Event-based Optical Flow on Neuromorphic Processor: ANN vs. SNN Comparison based on Activation Sparsification
Yingfu Xu, Guangzhi Tang, Amirreza Yousefzadeh, Guido de Croon, Manolis Sifalakis
TL;DR
This work tackles the fairness gap in comparing ANN and SNN performance for event-based optical flow by training both networks with activation sparsification on a unified neuromorphic platform, SENECA. The authors introduce trainable FATReLU thresholds and sparsification regularizers to drive activation densities down to roughly 5% without sacrificing accuracy, enabling an apples-to-apples hardware comparison.
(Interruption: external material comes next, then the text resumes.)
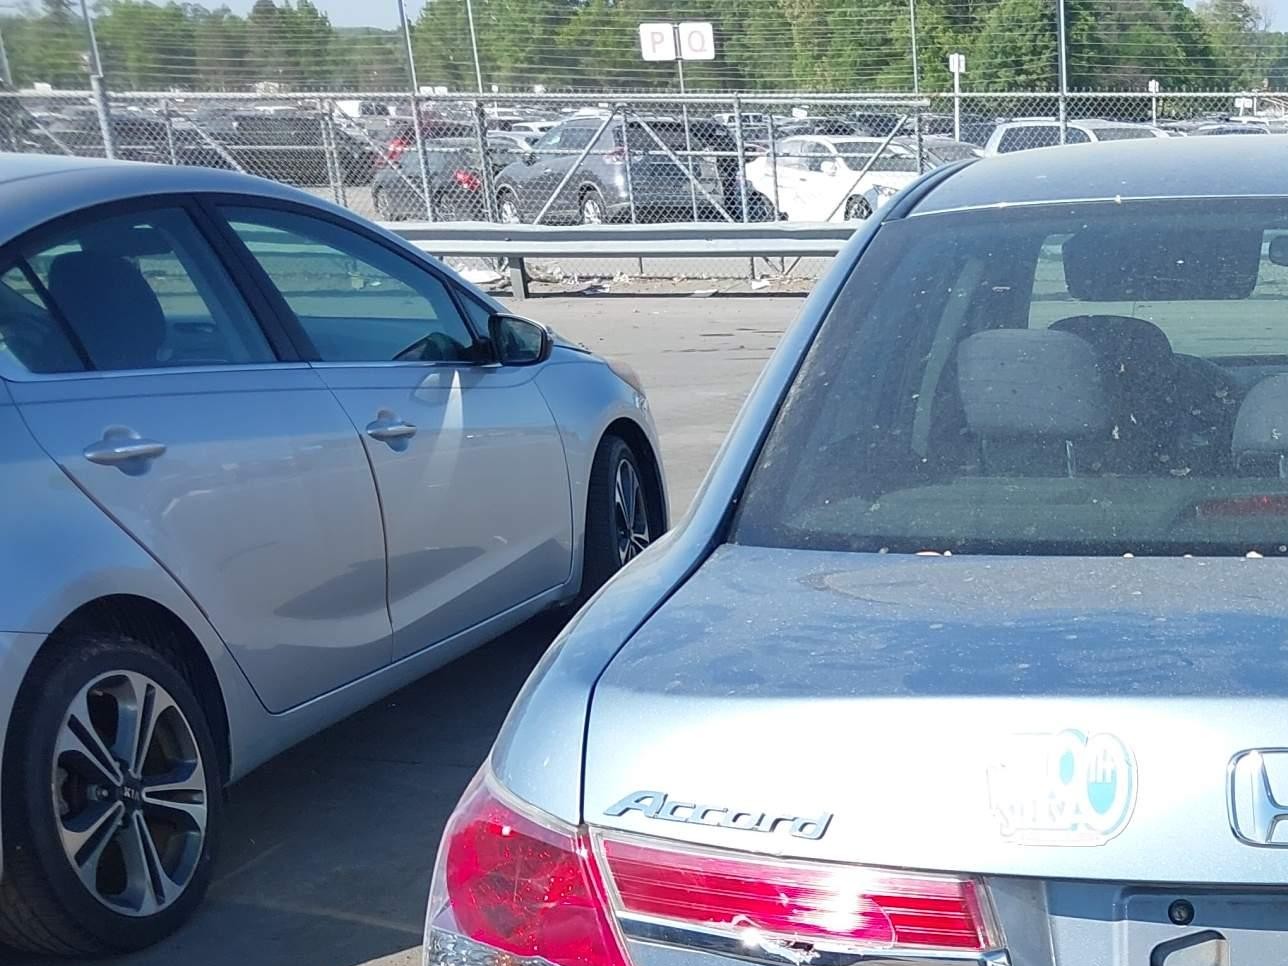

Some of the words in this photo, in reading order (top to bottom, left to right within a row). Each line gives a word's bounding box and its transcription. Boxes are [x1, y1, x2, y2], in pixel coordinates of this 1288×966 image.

Hardware experiments show the SNN achieves about 62.5% of the time and 75.2% of the energy of the ANN, with a substantially lower pixel-level spike density (43.5% vs. 66.5%), primarily due to sparser activations. The results demonstrate that, on a fair hardware platform, SNNs can outperform ANNs in time and energy for regression tasks on event-based vision, aided by event-driven processing and data reuse strategies intrinsic to neuromorphic processors.
Abstract
Spiking neural networks (SNNs) for event-based optical flow are claimed to be computationally more efficient than their artificial neural networks (ANNs) counterparts, but a fair comparison is missing in the literature. In this work, we propose an event-based optical flow solution based on activation sparsification and a neuromorphic processor, SENECA. SENECA has an event-driven processing mechanism that can exploit the sparsity in ANN activations and SNN spikes to accelerate the inference of both types of neural networks. The ANN and the SNN for comparison have similar low activation/spike density (~5%) thanks to our novel sparsification-aware training. In the hardware-in-loop experiments designed to deduce the average time and energy consumption, the SNN consumes 44.9ms and 927.0 microjoules, which are 62.5% and 75.2% of the ANN's consumption, respectively. We find that SNN's higher efficiency attributes to its lower pixel-wise spike density (43.5% vs. 66.5%) that requires fewer memory access operations for neuron states.